──────── Supplied information

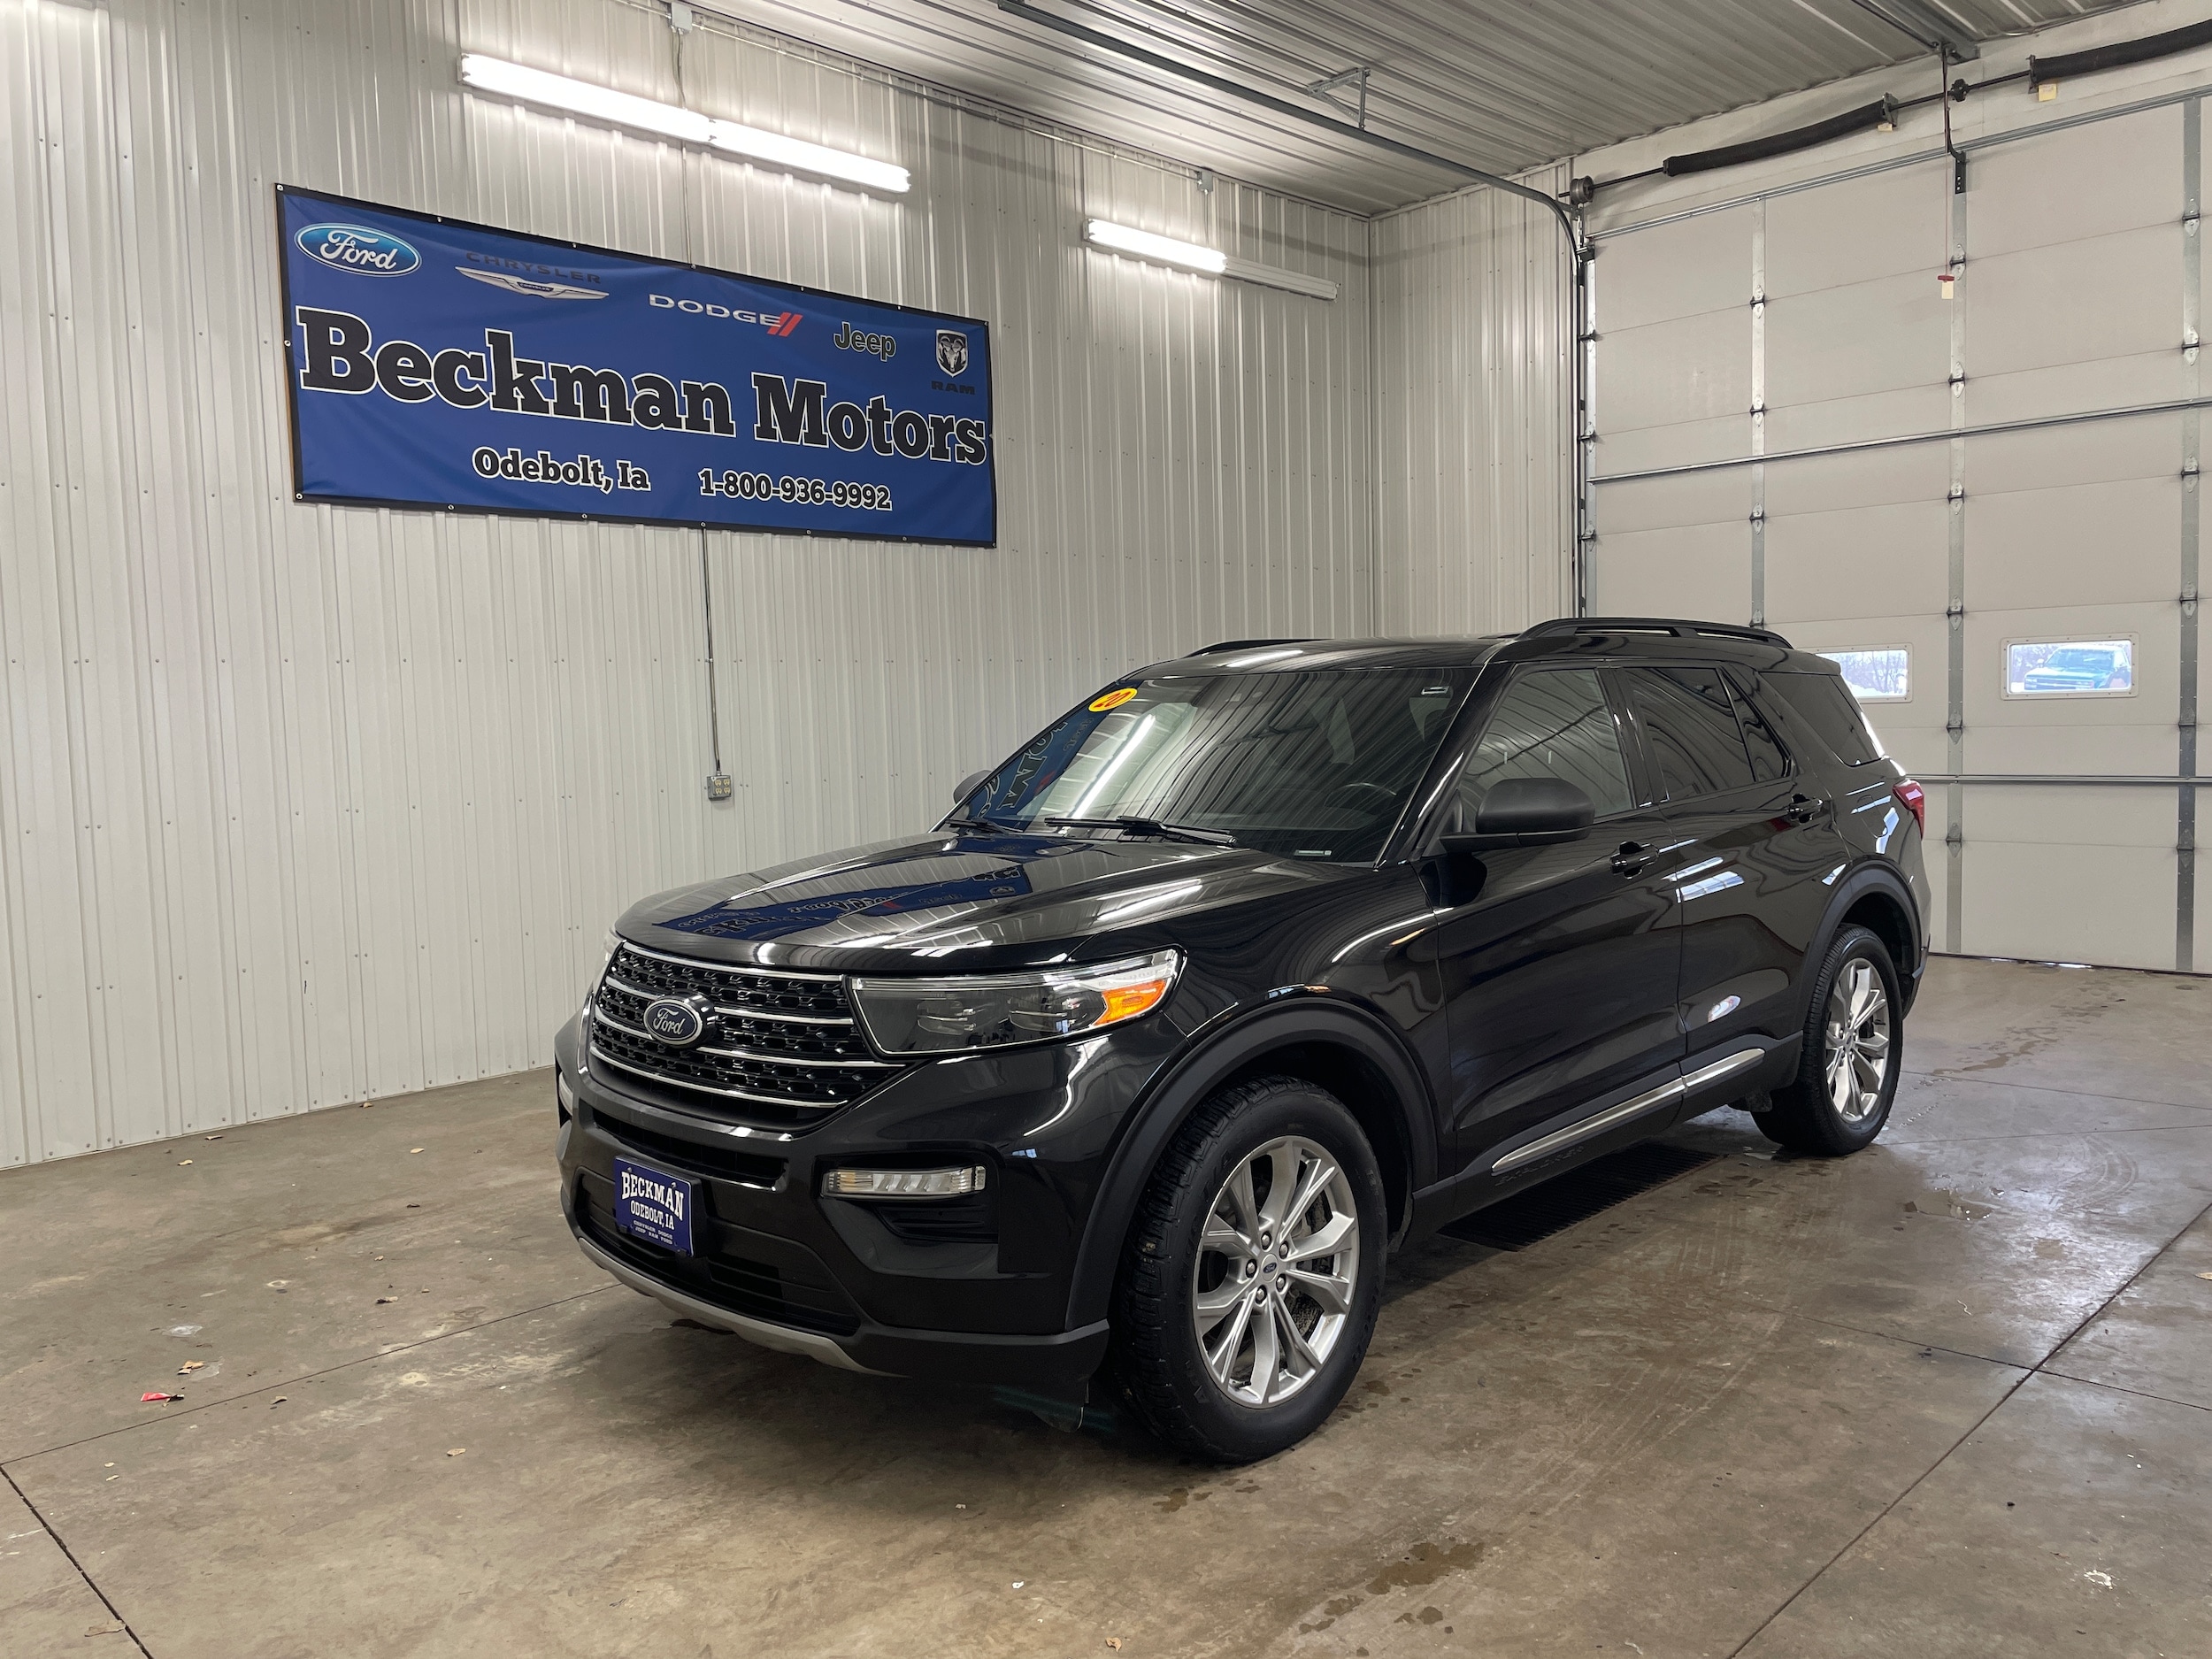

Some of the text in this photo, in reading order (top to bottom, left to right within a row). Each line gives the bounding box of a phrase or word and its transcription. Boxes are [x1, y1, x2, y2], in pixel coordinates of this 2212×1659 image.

[319, 230, 398, 270] Ford
[466, 252, 601, 284] CHRYSLER
[649, 294, 781, 326] DODGE
[833, 321, 896, 362] Jeep
[295, 305, 987, 465] Beckman Motors
[931, 380, 975, 395] RAM
[472, 446, 651, 494] Odebolt, Ia
[698, 467, 893, 511] 1-800-936-9992
[653, 1008, 686, 1034] Ford
[621, 1171, 684, 1221] BECKMAN
[630, 1200, 674, 1230] ODEBOLT, IA

────────────────

# [Description of the task]
Copy the listing over exactly, skipping the pictures it holds.

# [Output for this exercise]
Some of the text in this photo, in reading order (top to bottom, left to right within a row). Each line gives the bounding box of a phrase or word and its transcription. Boxes are [x1, y1, x2, y2], in pixel coordinates of this 2212×1659 image.

[319, 230, 398, 270] Ford
[466, 252, 601, 284] CHRYSLER
[649, 294, 781, 326] DODGE
[833, 321, 896, 362] Jeep
[295, 305, 987, 465] Beckman Motors
[931, 380, 975, 395] RAM
[472, 446, 651, 494] Odebolt, Ia
[698, 467, 893, 511] 1-800-936-9992
[653, 1008, 686, 1034] Ford
[621, 1171, 684, 1221] BECKMAN
[630, 1200, 674, 1230] ODEBOLT, IA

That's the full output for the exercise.